An additional title was adopted by Hitler on 23 June 1941 when he declared himself the "Germanic Führer" (Germanischer Führer), in addition to his duties as Führer of the German state and people. This was done to emphasise Hitler's professed leadership of what the Nazis described as the "Nordic-Germanic master race", which was considered to include peoples such as the Norwegians, Danes, Swedes, Dutch, and others in addition to the Germans, and the intent to annex these countries to the German Reich to form the Greater Germanic Reich (Großgermanisches Reich deutscher Nation). Waffen-SS formations from these countries had to declare obedience to Hitler by addressing him in this fashion. On 12 December 1941, Dutch fascist Anton Mussert also addressed him as such when he proclaimed his allegiance to Hitler during a visit to the Reich Chancellery in Berlin. He had wanted to address Hitler as Führer aller Germanen ("Führer of all Germanics"), but Hitler personally decreed the former style.

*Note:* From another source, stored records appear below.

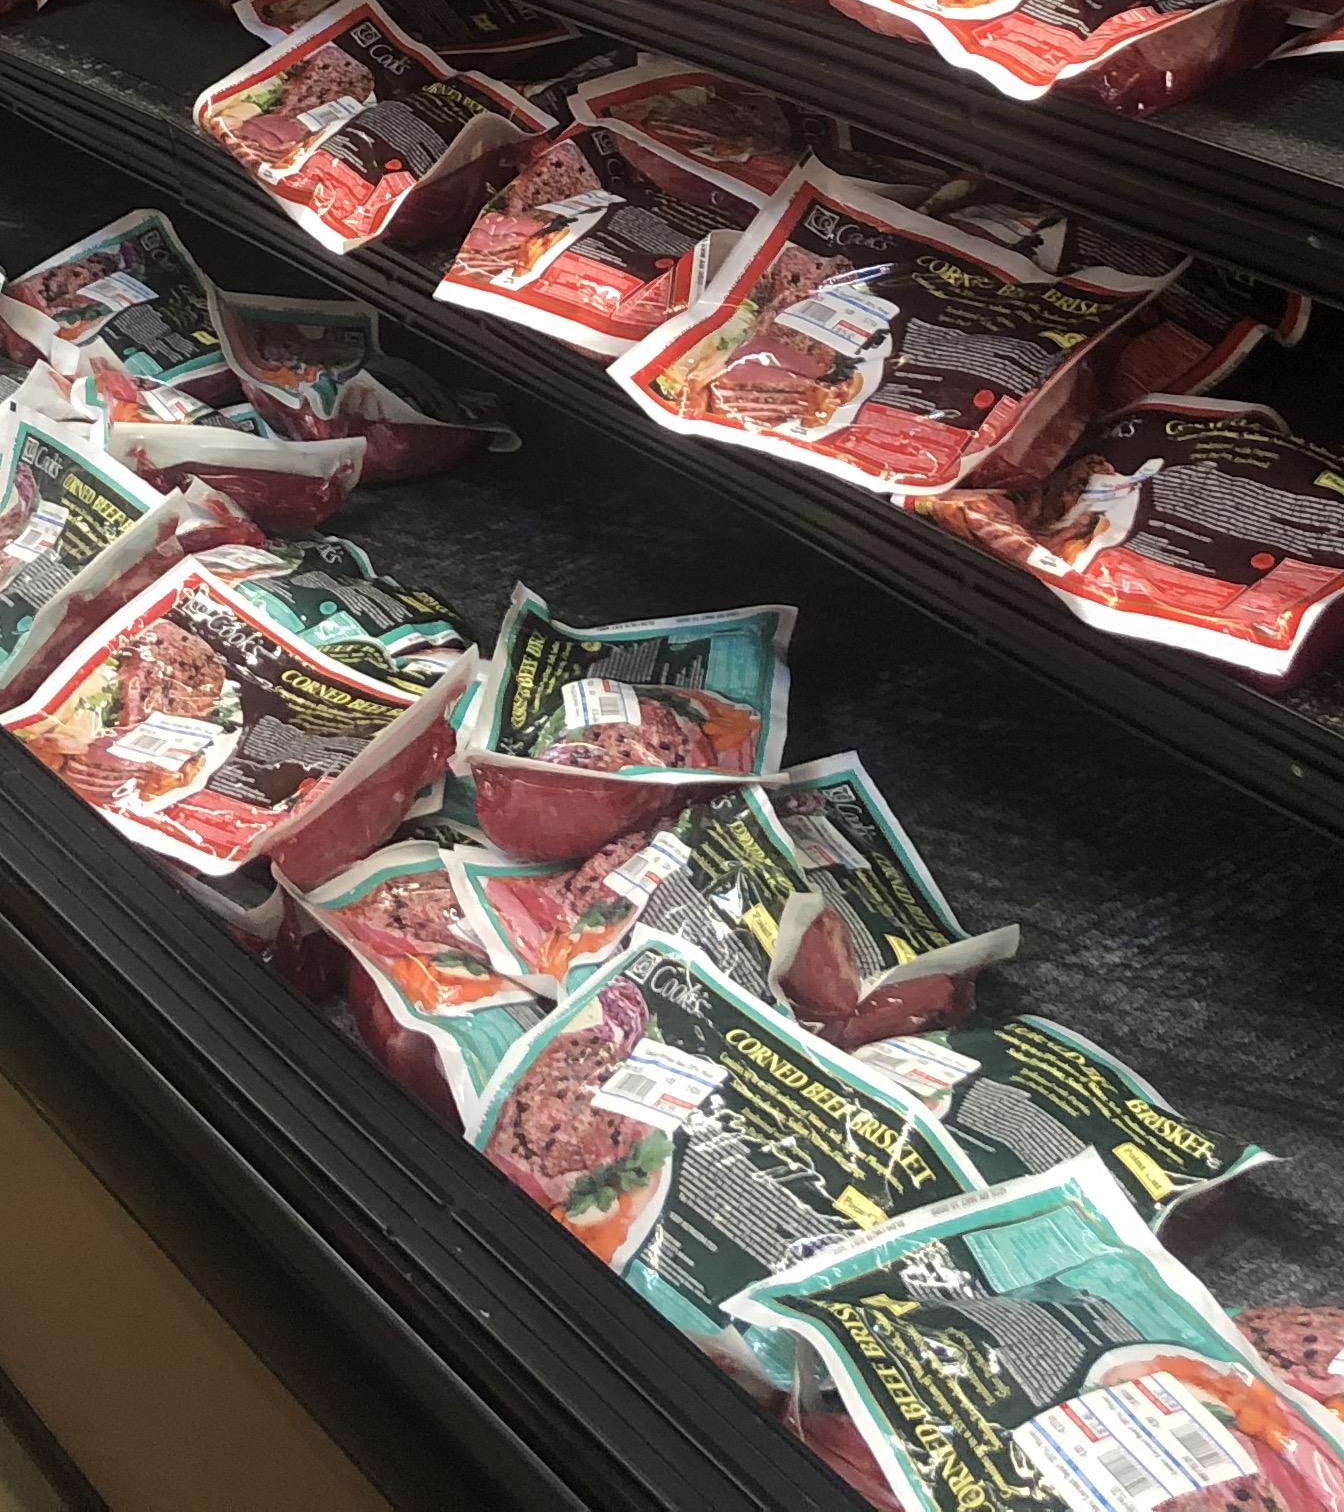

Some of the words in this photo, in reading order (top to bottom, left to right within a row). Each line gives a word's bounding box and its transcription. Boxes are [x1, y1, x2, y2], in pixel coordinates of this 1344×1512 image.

[369, 44, 413, 77] Cook's
[280, 669, 352, 705] CORNED
[725, 1028, 809, 1089] CORNED
[799, 1080, 856, 1121] BEEF
[849, 1106, 937, 1189] BRISKET
[1124, 1098, 1217, 1160] BRISKET
[872, 1363, 927, 1421] BEEF

Historian Loe de Jong speculates on the difference between the two: Führer aller Germanen implied a position separate from Hitler's role as Führer und Reichskanzler des Grossdeutschen Reiches ("Führer and Reich Chancellor of the Greater German Reich"), while germanischer Führer served more as an attribute of that main function. As late as 1944, however, occasional propaganda publications continued to refer to him by this unofficial title.

===Führerprinzip===

One of the Nazis' most-repeated political slogans was Ein Volk, ein Reich, ein Führer – "One People, One Empire, One Leader". Historian Joseph Bendersky says the slogan "left an indelible mark on the minds of most Germans who lived through the Nazi years. It appeared on countless posters and in publications; it was heard constantly in radio broadcasts and speeches." The slogan emphasised the absolute control of the leader over practically every sector of German society and culture – with the churches being formally the most notable exception. The designation Führer itself was initially used only in the context of the Nazi Party, though its meaning gradually sprawled to cover the German state, the German Armed Forces, the German nation, and ultimately all the Germanic peoples.

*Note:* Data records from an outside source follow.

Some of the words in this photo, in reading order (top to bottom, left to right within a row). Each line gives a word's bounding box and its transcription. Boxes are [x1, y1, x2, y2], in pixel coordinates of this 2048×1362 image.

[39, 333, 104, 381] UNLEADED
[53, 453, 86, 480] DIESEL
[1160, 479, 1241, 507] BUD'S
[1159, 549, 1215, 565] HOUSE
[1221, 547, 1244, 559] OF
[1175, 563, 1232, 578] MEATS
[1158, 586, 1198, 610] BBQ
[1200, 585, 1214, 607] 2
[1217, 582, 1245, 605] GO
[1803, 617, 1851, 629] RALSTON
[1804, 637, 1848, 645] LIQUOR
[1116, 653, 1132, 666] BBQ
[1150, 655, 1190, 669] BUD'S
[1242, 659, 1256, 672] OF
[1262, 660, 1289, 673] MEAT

Hitler's word became in practice absolute and ultimate, even when incompatible with the constitution, as he saw himself as the sole source of power in Germany, similar to the Roman emperors and German early medieval leaders. In spite of that, he took great care to maintain the pretence of legality of his dictatorship. He issued thousands of decrees that were based explicitly on the Reichstag Fire Decree. That decree itself was based on Article 48 of the constitution, which gave the president the power to take measures deemed necessary to protect public order. The Enabling Act was renewed in 1937 for four years and again in 1939 for four years by the Reichstag. In 1943, it was extended indefinitely by a decree from Hitler himself. Those extensions by the Reichstag were merely a formality with all other parties having been banned.

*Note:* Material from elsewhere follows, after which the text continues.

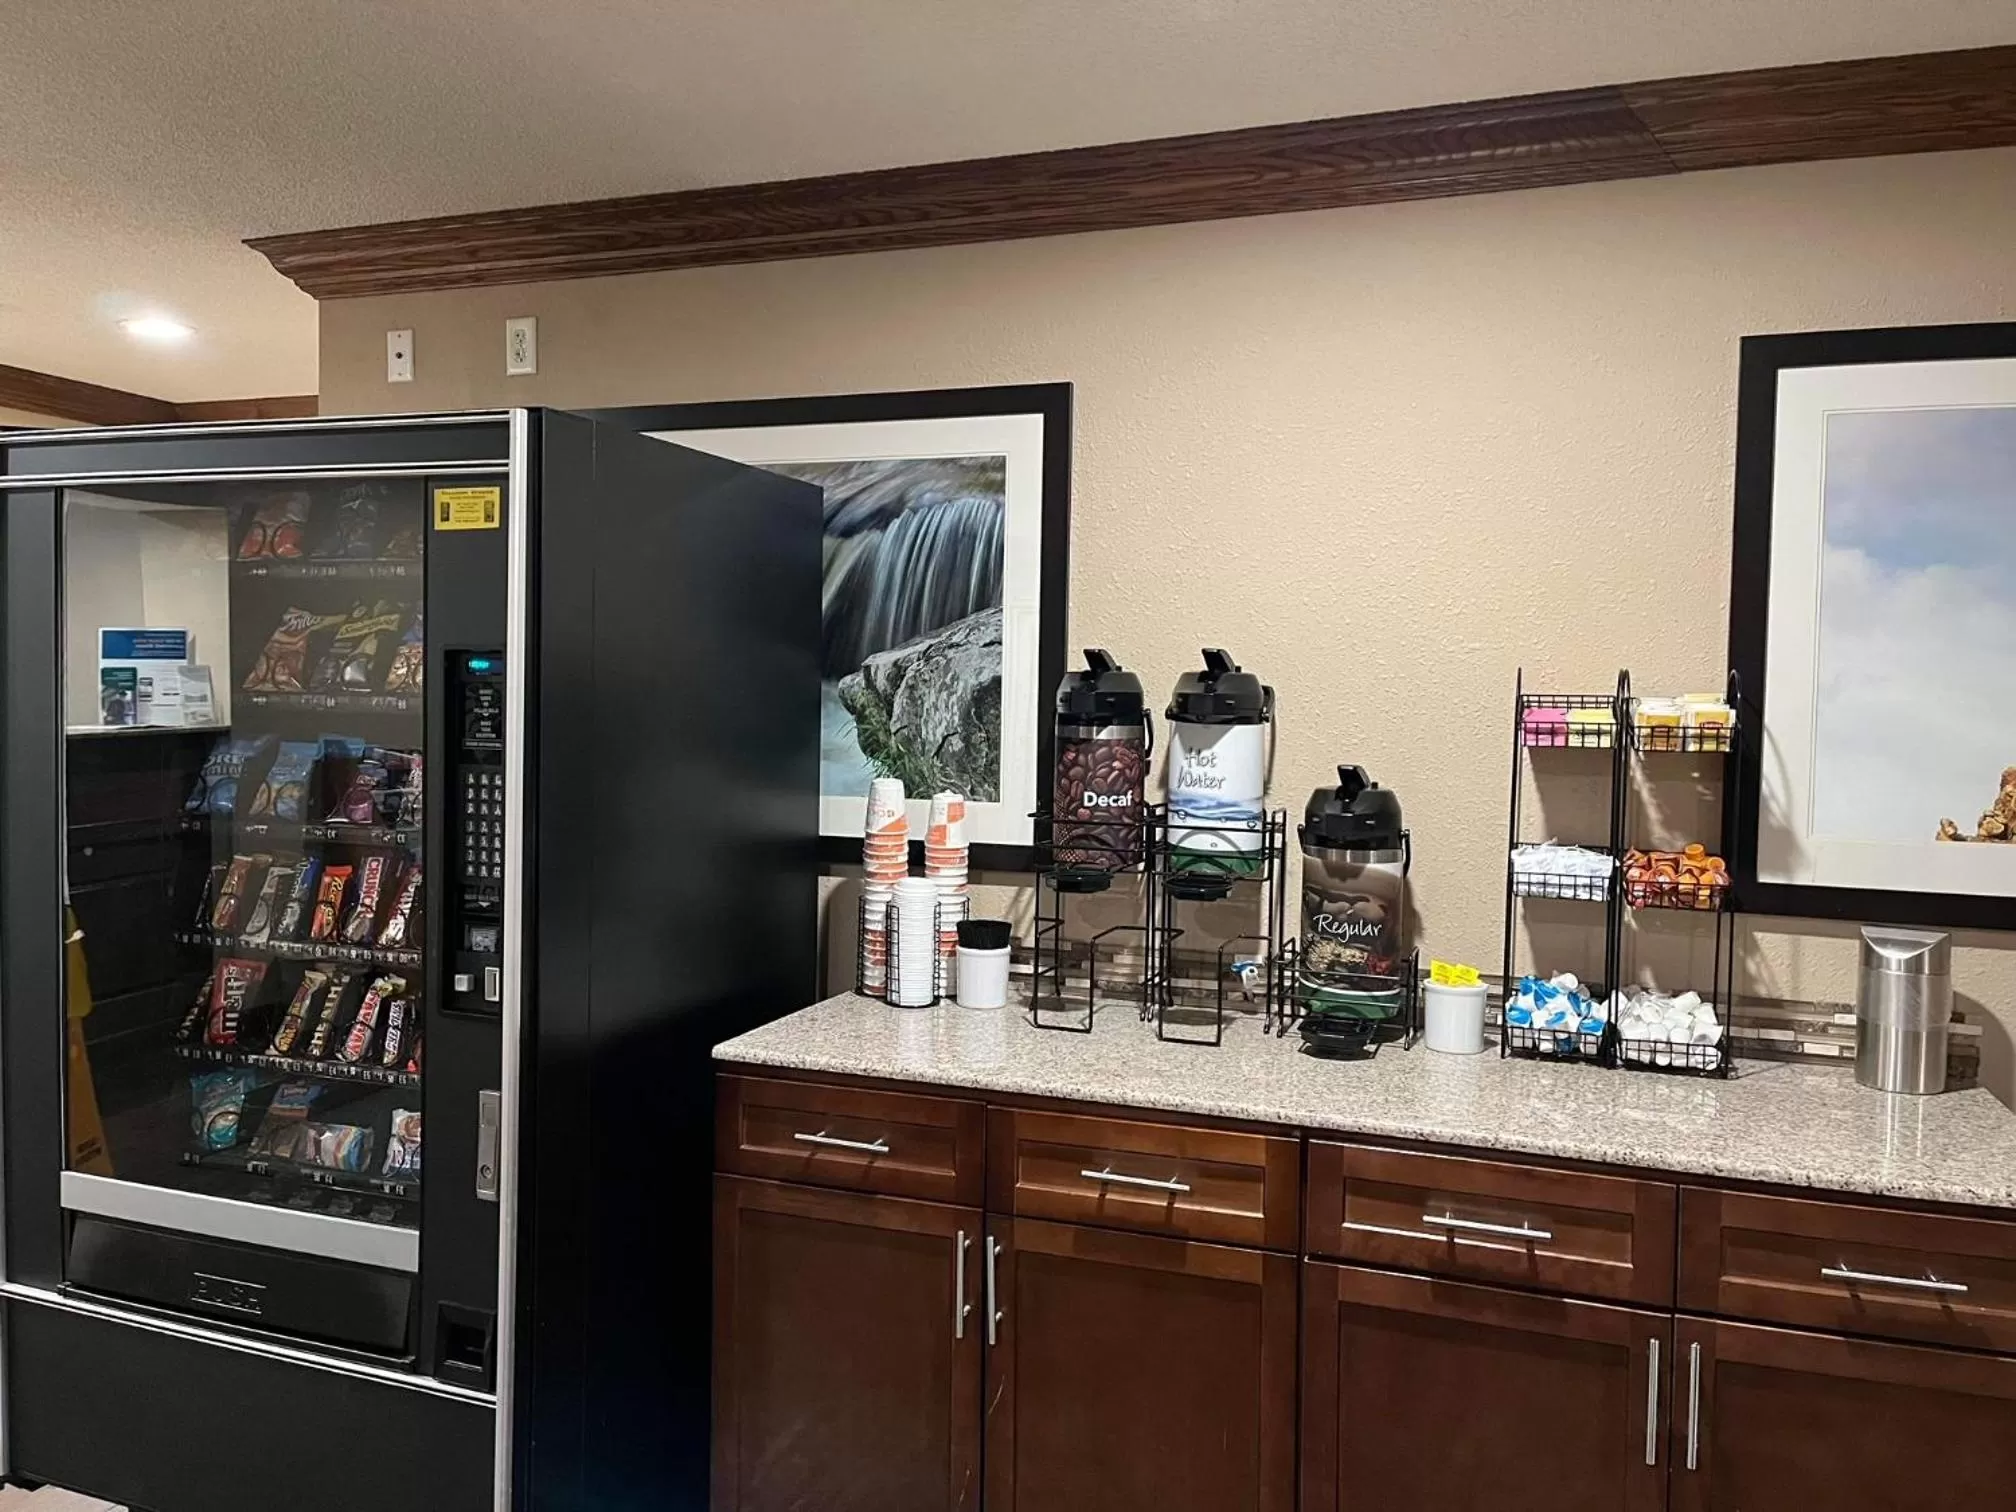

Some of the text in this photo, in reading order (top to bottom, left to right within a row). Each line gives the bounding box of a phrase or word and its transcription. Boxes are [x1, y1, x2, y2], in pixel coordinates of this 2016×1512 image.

[1184, 748, 1218, 768] Hot
[1177, 766, 1226, 788] Water
[1083, 790, 1133, 807] Decaf
[1313, 913, 1383, 942] Regular

However, Hitler had a narrow range of interest – mostly involving diplomacy and the military – and so his subordinates interpreted his vaguely formulated orders and wishes in a manner beneficial to their own interests or those of their organisations. This led to vicious power wrangles that were immensely beneficial to Hitler in aiding him to ensure that no subordinate amassed enough power to challenge or jeopardise his absolute rule.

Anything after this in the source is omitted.